— Assignment —
The answer should match the entries that follow exactly, except that no image appears in it.

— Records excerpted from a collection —
-- -- --
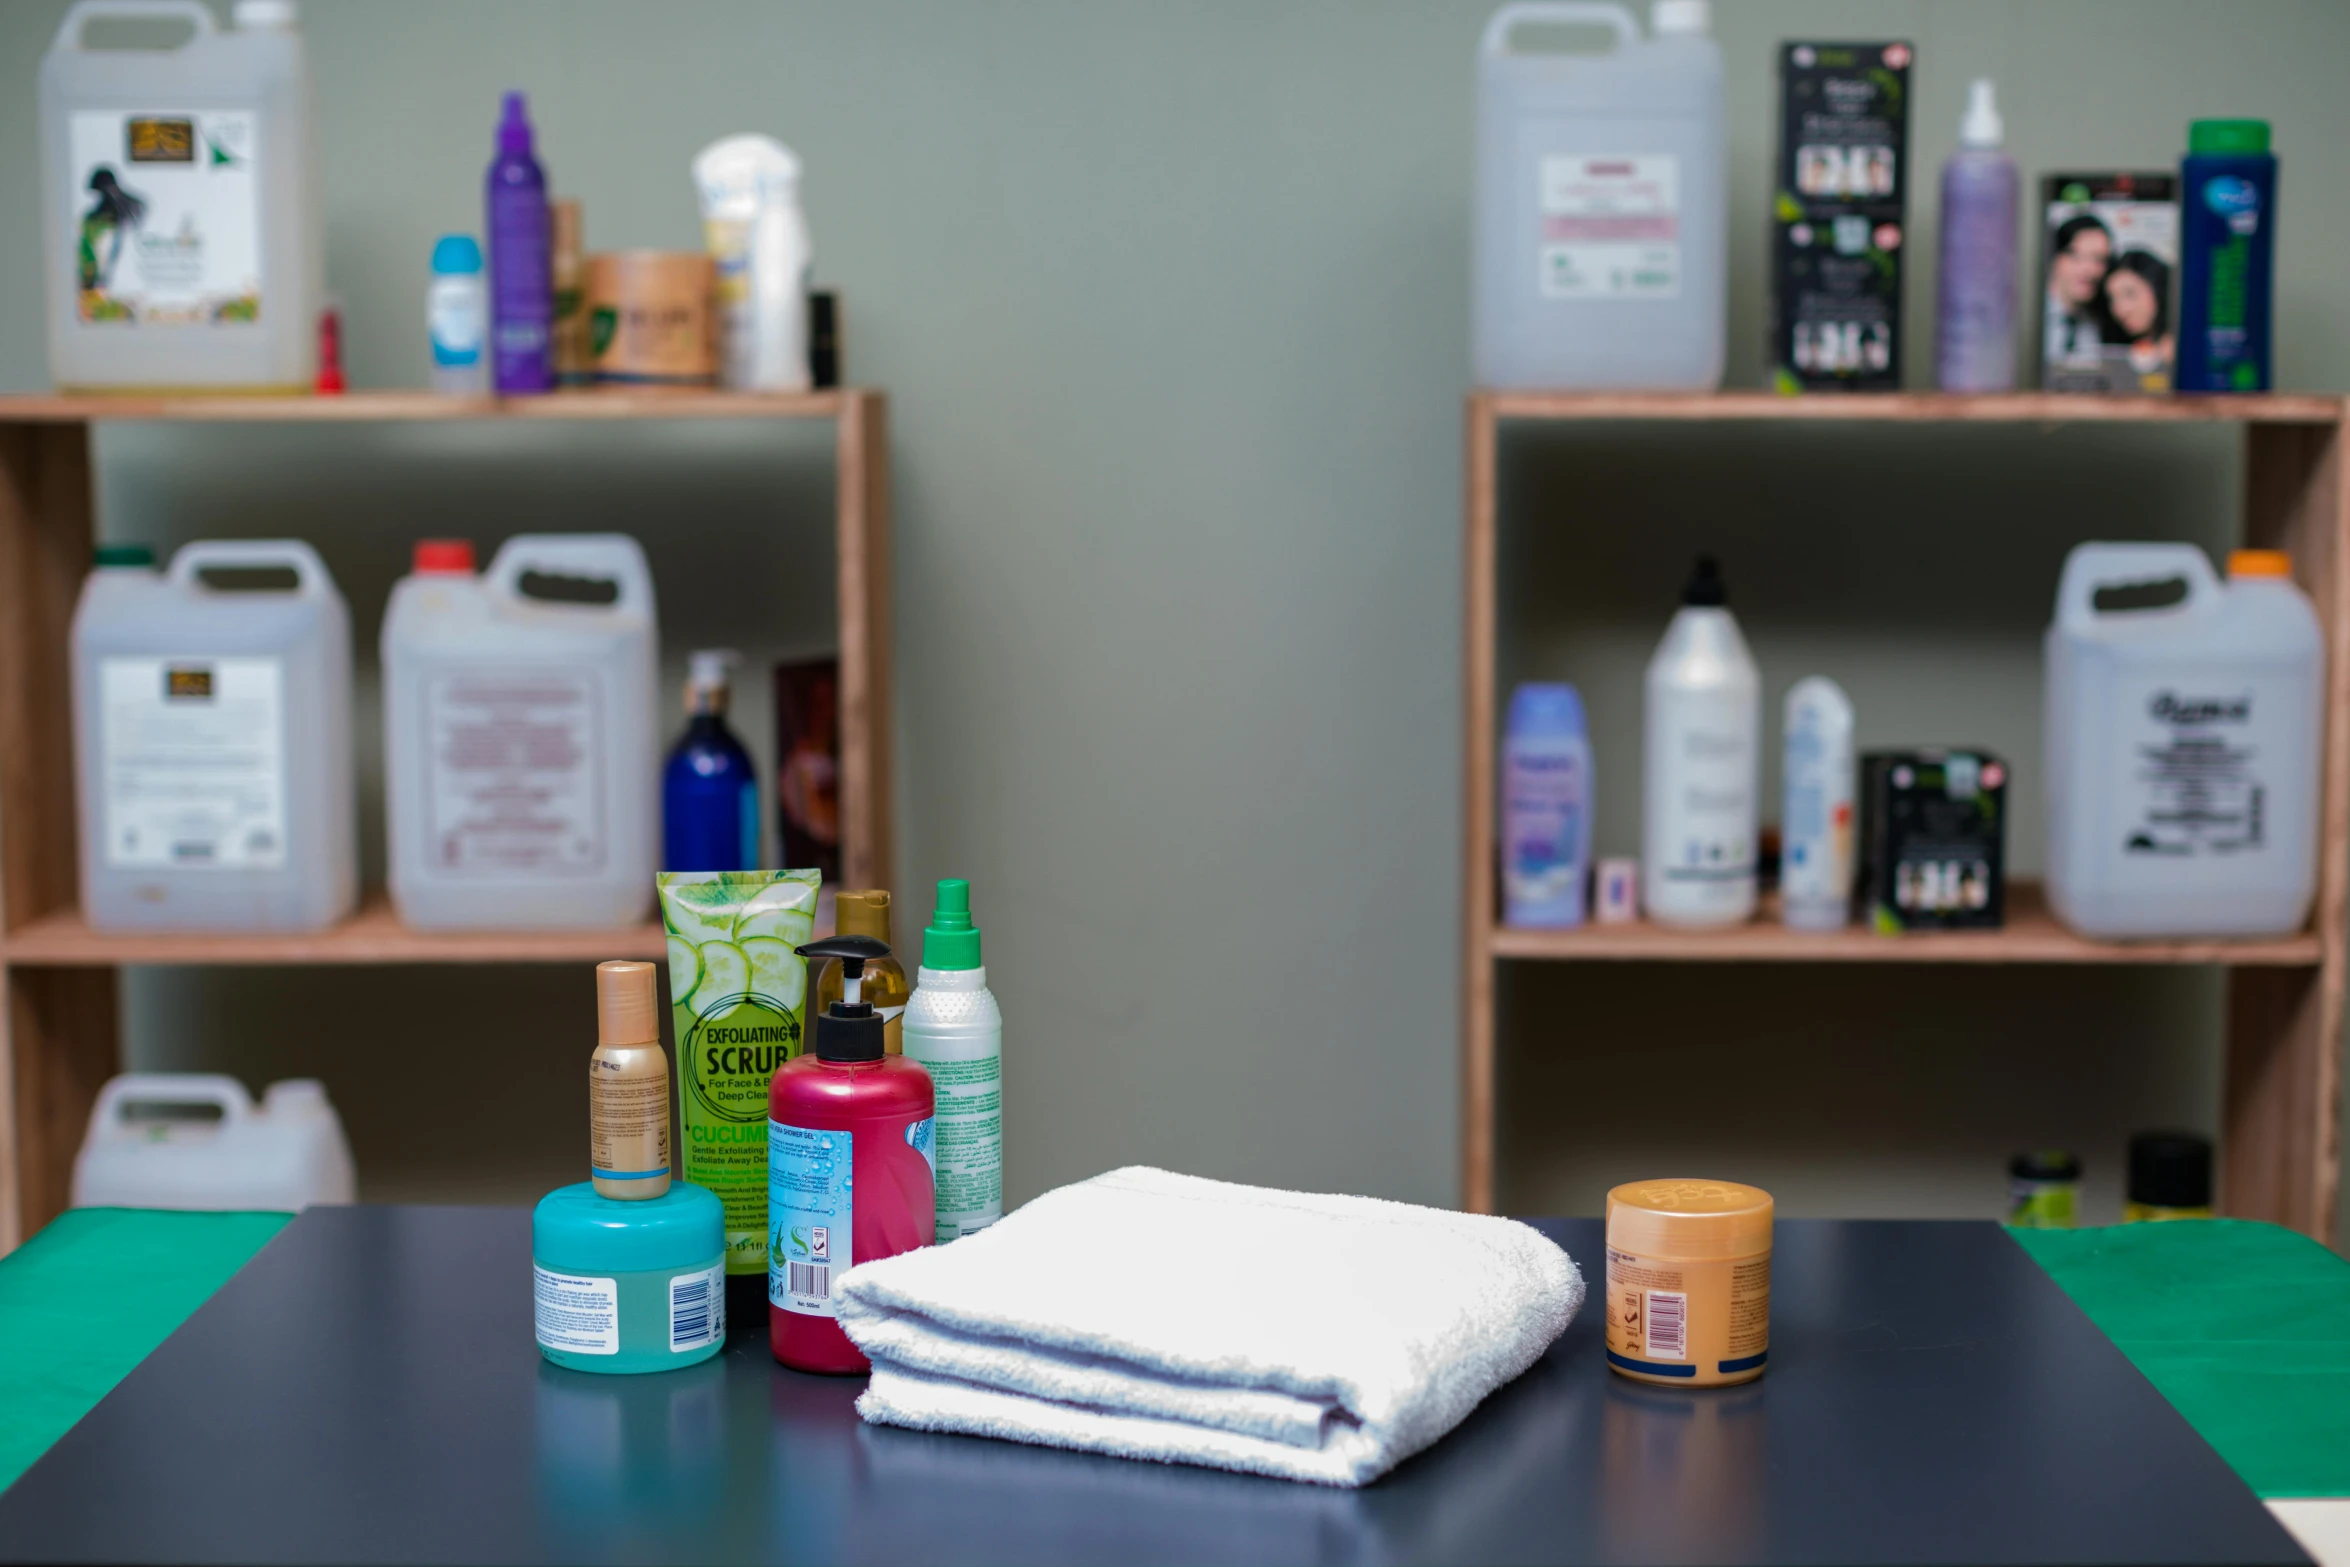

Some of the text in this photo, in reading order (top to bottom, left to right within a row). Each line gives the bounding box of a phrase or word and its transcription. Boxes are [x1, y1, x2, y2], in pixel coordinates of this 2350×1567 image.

[706, 1026, 788, 1044] EXFOLIATING
[706, 1046, 788, 1074] SCRUB
[709, 1078, 761, 1088] For Face &
[718, 1092, 744, 1101] Deep
[784, 1128, 802, 1138] SHOWER
[692, 1146, 764, 1156] Gentle Exfoliating
[692, 1155, 725, 1164] Exfoliate
[728, 1157, 750, 1165] Away
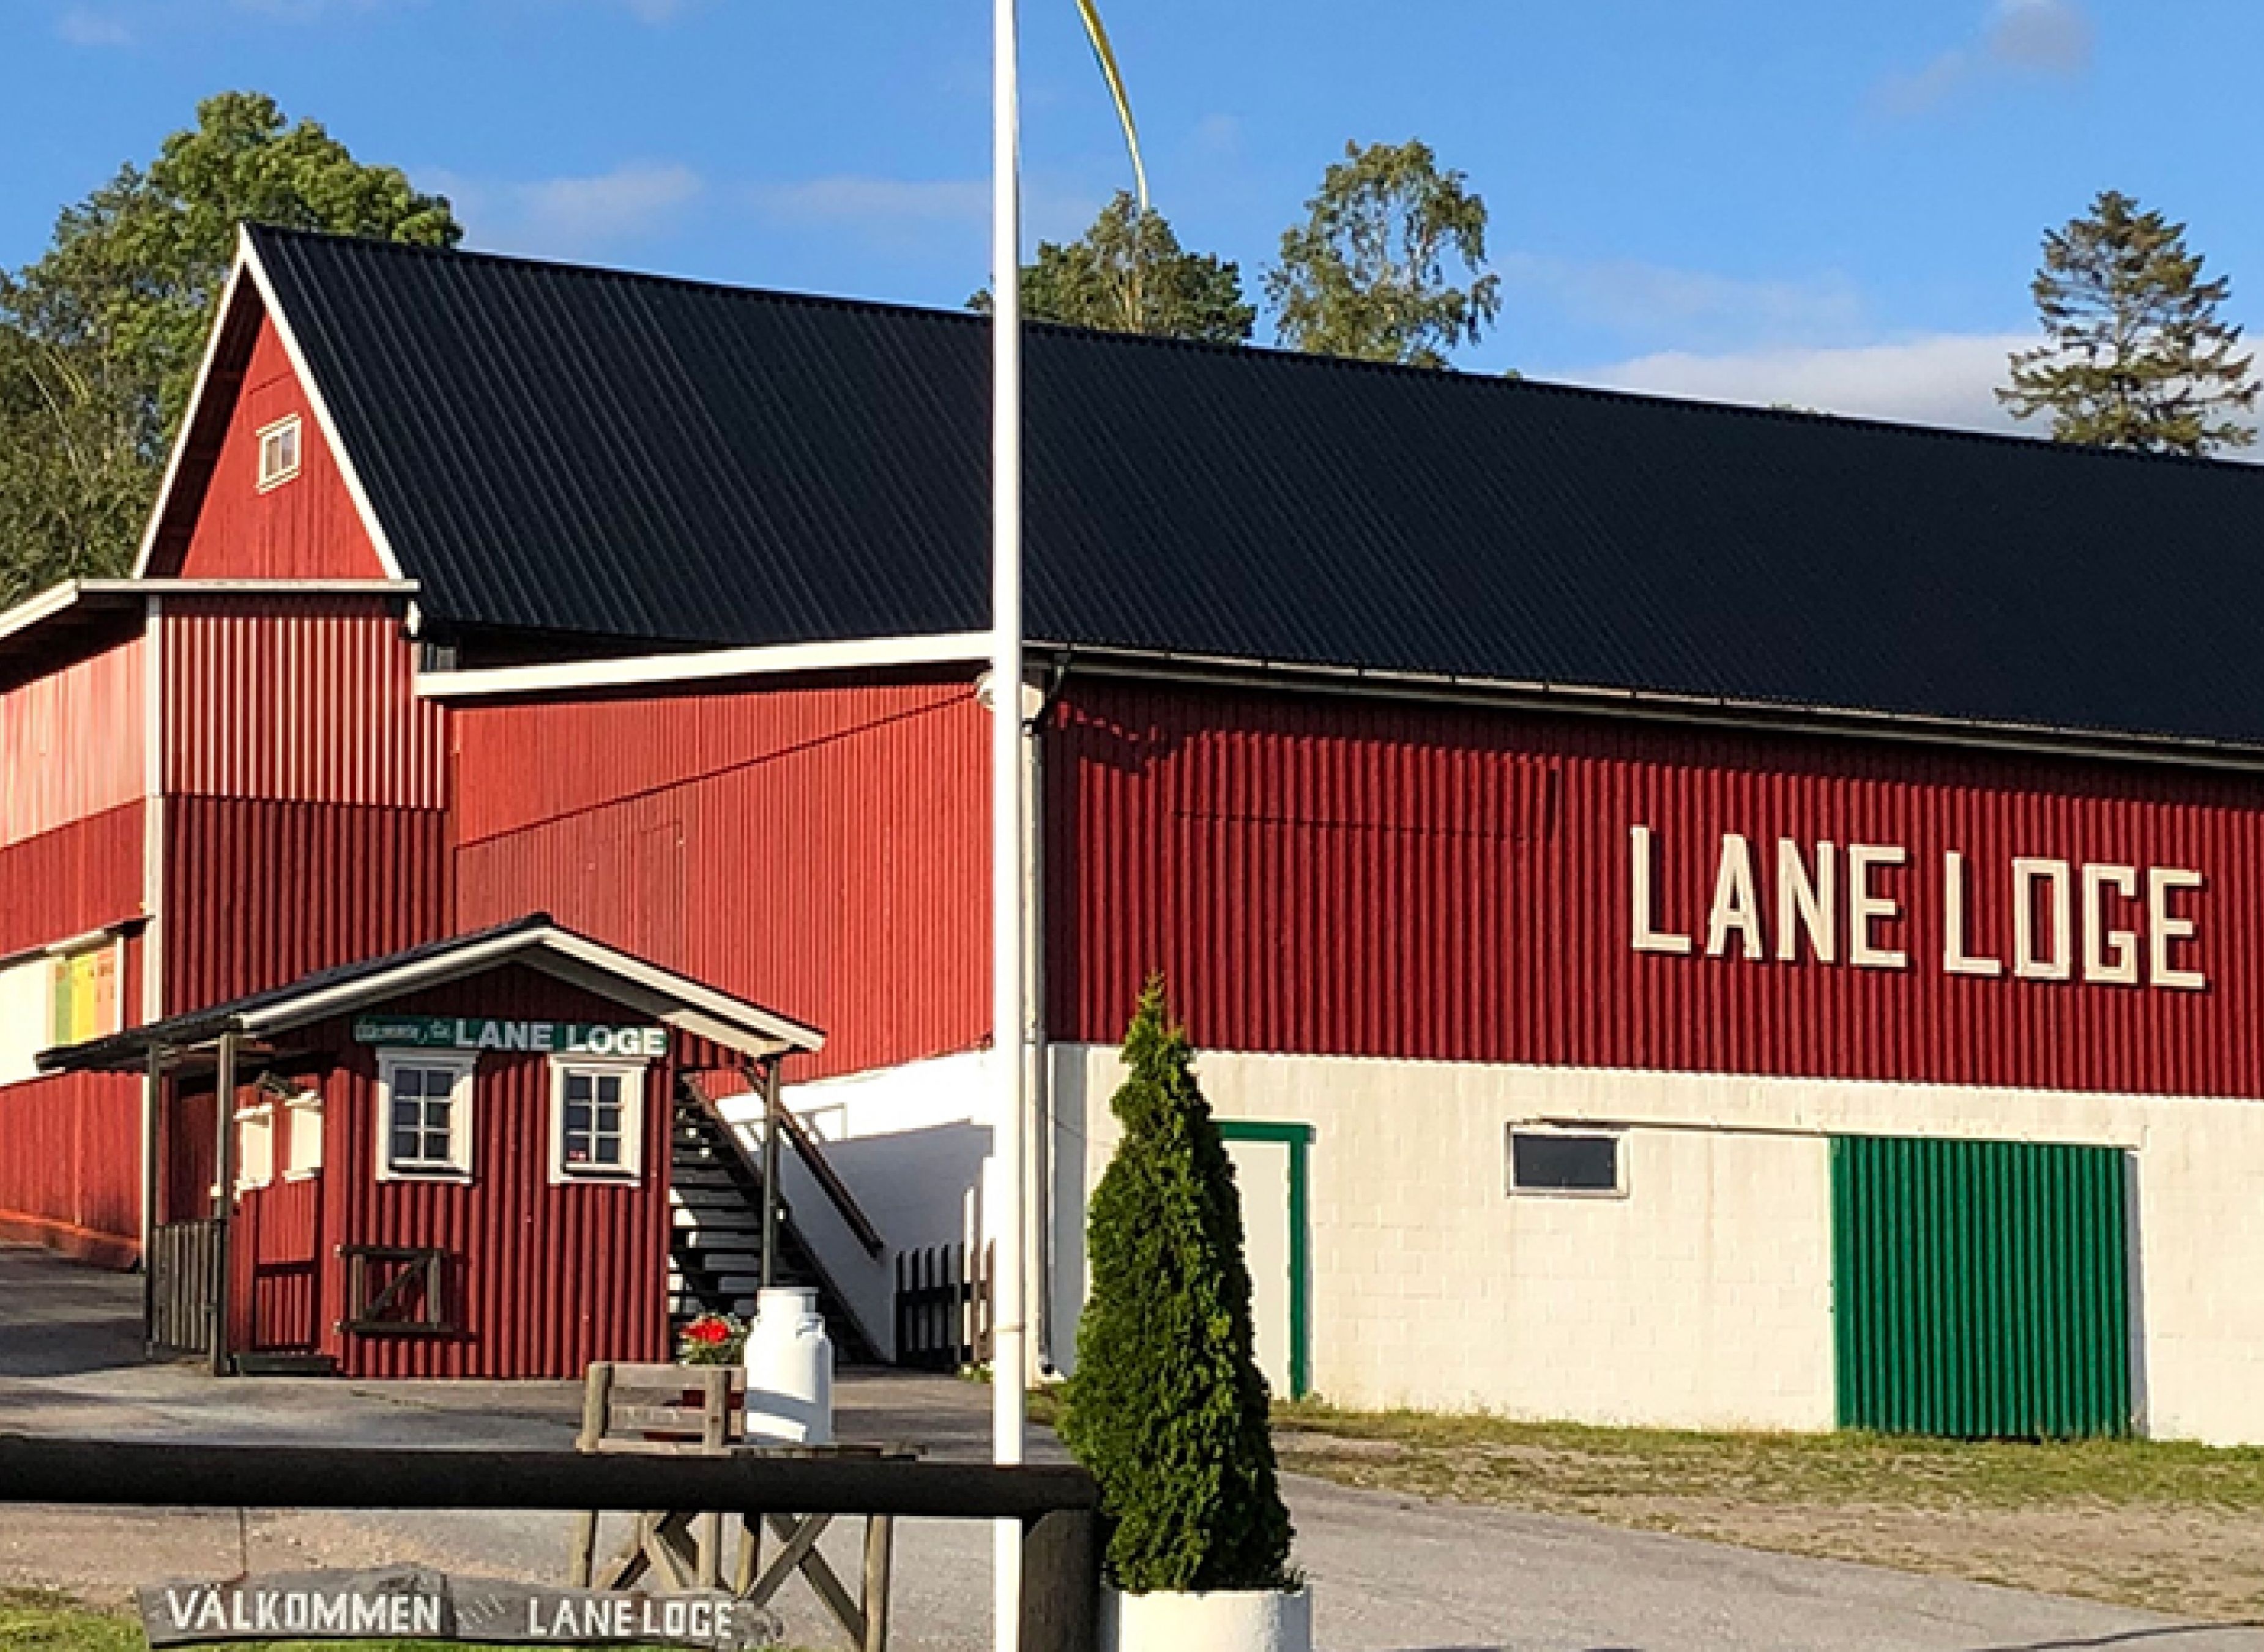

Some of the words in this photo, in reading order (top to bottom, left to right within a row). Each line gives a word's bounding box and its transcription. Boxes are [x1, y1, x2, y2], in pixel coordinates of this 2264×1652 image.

[1630, 824, 1907, 968] LANE
[1943, 850, 2205, 988] LOGE
[455, 1018, 554, 1052] LANE
[565, 1024, 667, 1054] LOGE
[168, 1583, 438, 1632] VÄLKOMMEN
[529, 1597, 632, 1636] LANE
[642, 1599, 734, 1639] LOGE
-- -- --
— Solution to this problem —
Some of the text in this photo, in reading order (top to bottom, left to right within a row). Each line gives the bounding box of a phrase or word and its transcription. Boxes are [x1, y1, x2, y2], in pixel coordinates of this 2350×1567 image.

[706, 1026, 788, 1044] EXFOLIATING
[706, 1046, 788, 1074] SCRUB
[709, 1078, 761, 1088] For Face &
[718, 1092, 744, 1101] Deep
[784, 1128, 802, 1138] SHOWER
[692, 1146, 764, 1156] Gentle Exfoliating
[692, 1155, 725, 1164] Exfoliate
[728, 1157, 750, 1165] Away

Some of the words in this photo, in reading order (top to bottom, left to right within a row). Each line gives a word's bounding box and its transcription. Boxes are [x1, y1, x2, y2], in pixel coordinates of this 2264×1652 image.

[1630, 824, 1907, 968] LANE
[1943, 850, 2205, 988] LOGE
[455, 1018, 554, 1052] LANE
[565, 1024, 667, 1054] LOGE
[168, 1583, 438, 1632] VÄLKOMMEN
[529, 1597, 632, 1636] LANE
[642, 1599, 734, 1639] LOGE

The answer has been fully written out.